They say everyone in frontline medical care has that one job. The one that sticks with them, sometimes forever.
Mine was an 11 year old, hit by a van while they were actually playing on a dual carriageway. The van driver had no chance of stopping or avoiding them. I often wonder how the driver fared afterwards. For a long time I was angry at the parent that allowed them to be there, but then I realised that they had lost much more than me. I drive past the location sometimes on the way to places, there are still flowers and other tributes tied to a lamp post near to the site.
I know for one colleague it was the 15 year old we cut down from a tree in their garden.
This is not about doom and gloom. It’s about the fact we are all human. No matter how tough the exterior image, we all have the sleepless nights where we wonder “could we have done more”. The answer is always no, but that doesn’t help.
“Stress” was a common ailment in my time. Only now is it being recognised as PTSD. Still the support is not there. Managers still tell you to call a helpline if you’re struggling, rather than recognising the fact that you are not coping and dealing with it themselves.

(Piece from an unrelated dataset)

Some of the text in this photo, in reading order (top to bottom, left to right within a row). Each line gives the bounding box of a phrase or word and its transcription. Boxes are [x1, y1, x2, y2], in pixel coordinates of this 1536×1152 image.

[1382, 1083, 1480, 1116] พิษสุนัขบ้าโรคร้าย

The title of this post, yes, it’s from the Chesney Hawkes song. It was the theme song of my group during my training. We knew what we were getting in to. Our instructors were veterans and held nothing back.

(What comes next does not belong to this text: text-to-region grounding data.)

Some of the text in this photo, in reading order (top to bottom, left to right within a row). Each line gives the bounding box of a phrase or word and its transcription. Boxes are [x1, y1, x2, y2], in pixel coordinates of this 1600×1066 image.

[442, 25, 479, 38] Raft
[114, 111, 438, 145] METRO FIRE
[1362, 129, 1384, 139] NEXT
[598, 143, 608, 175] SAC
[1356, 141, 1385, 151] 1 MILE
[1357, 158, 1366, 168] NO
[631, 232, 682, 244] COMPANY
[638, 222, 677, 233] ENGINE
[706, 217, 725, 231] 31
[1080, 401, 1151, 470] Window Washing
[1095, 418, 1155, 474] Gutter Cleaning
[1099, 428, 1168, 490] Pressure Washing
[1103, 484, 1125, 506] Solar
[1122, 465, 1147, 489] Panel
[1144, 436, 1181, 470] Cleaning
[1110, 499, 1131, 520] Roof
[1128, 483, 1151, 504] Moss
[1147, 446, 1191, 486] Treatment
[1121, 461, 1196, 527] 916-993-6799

But still we all went into it. From the first death, the first CPR job – we toughened ourselves and went on to the next job. Most of the public didn’t care, they just wanted what they felt they were entitled to. We did our job, many still do. Not because of the glory, there is none, but because we made a difference. I always said for every hundred patients, if just one says “thank you” then the job was worth it.

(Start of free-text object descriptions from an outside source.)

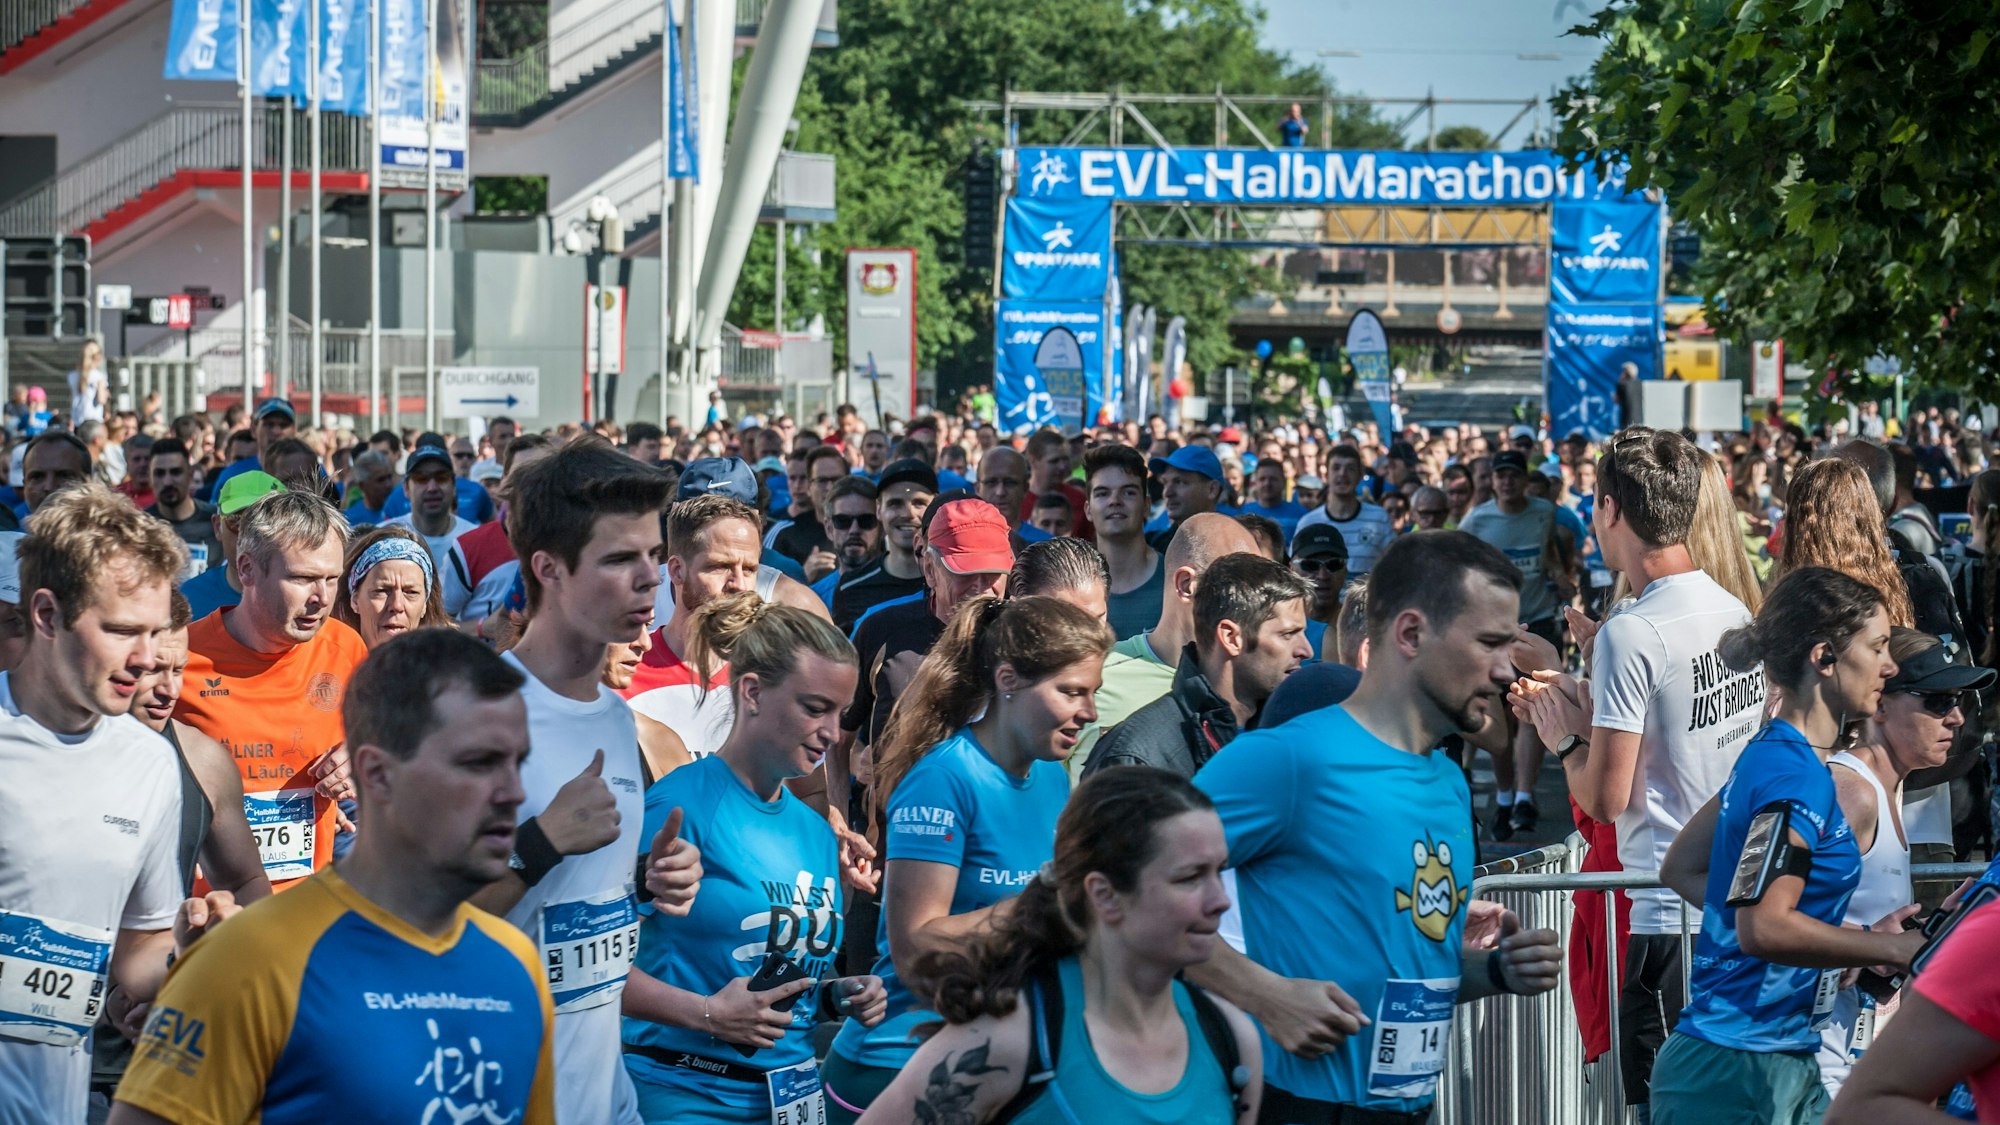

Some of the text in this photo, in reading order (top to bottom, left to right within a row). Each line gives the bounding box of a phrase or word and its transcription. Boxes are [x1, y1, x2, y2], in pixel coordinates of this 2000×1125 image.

[1080, 151, 1586, 199] EVL-HalbMarathon
[1013, 251, 1101, 269] SPORTPARK
[445, 371, 536, 386] DURCHGANG
[200, 688, 230, 698] erima
[1688, 670, 1765, 732] JUST BRIDGES
[247, 764, 295, 780] Läufe
[760, 880, 834, 909] WILLST
[766, 905, 838, 958] DU
[574, 933, 622, 968] 1115
[24, 967, 74, 1000] 402
[31, 1002, 57, 1018] WILL
[362, 991, 515, 1013] EVL-HalbMarathon
[1420, 1026, 1439, 1053] 14
[691, 1056, 729, 1075] bunert

It’s New Year and most of us will have made a toast at midnight on the 31st. Something positive and forward looking. I want to end this post with a toast a friend sent me. A friend who still serves with an ambulance service despite a severe period of diagnosed PTSD, after their one job:
“Here’s to getting out of bed when you don’t really want to. Here’s to going to work knowing no one really cares. To doing your bit. To making a difference, to getting by, helping them ambulance types that need it. To making yourself available to the ambulance types that haven’t realised yet that they need some help. Cheers!”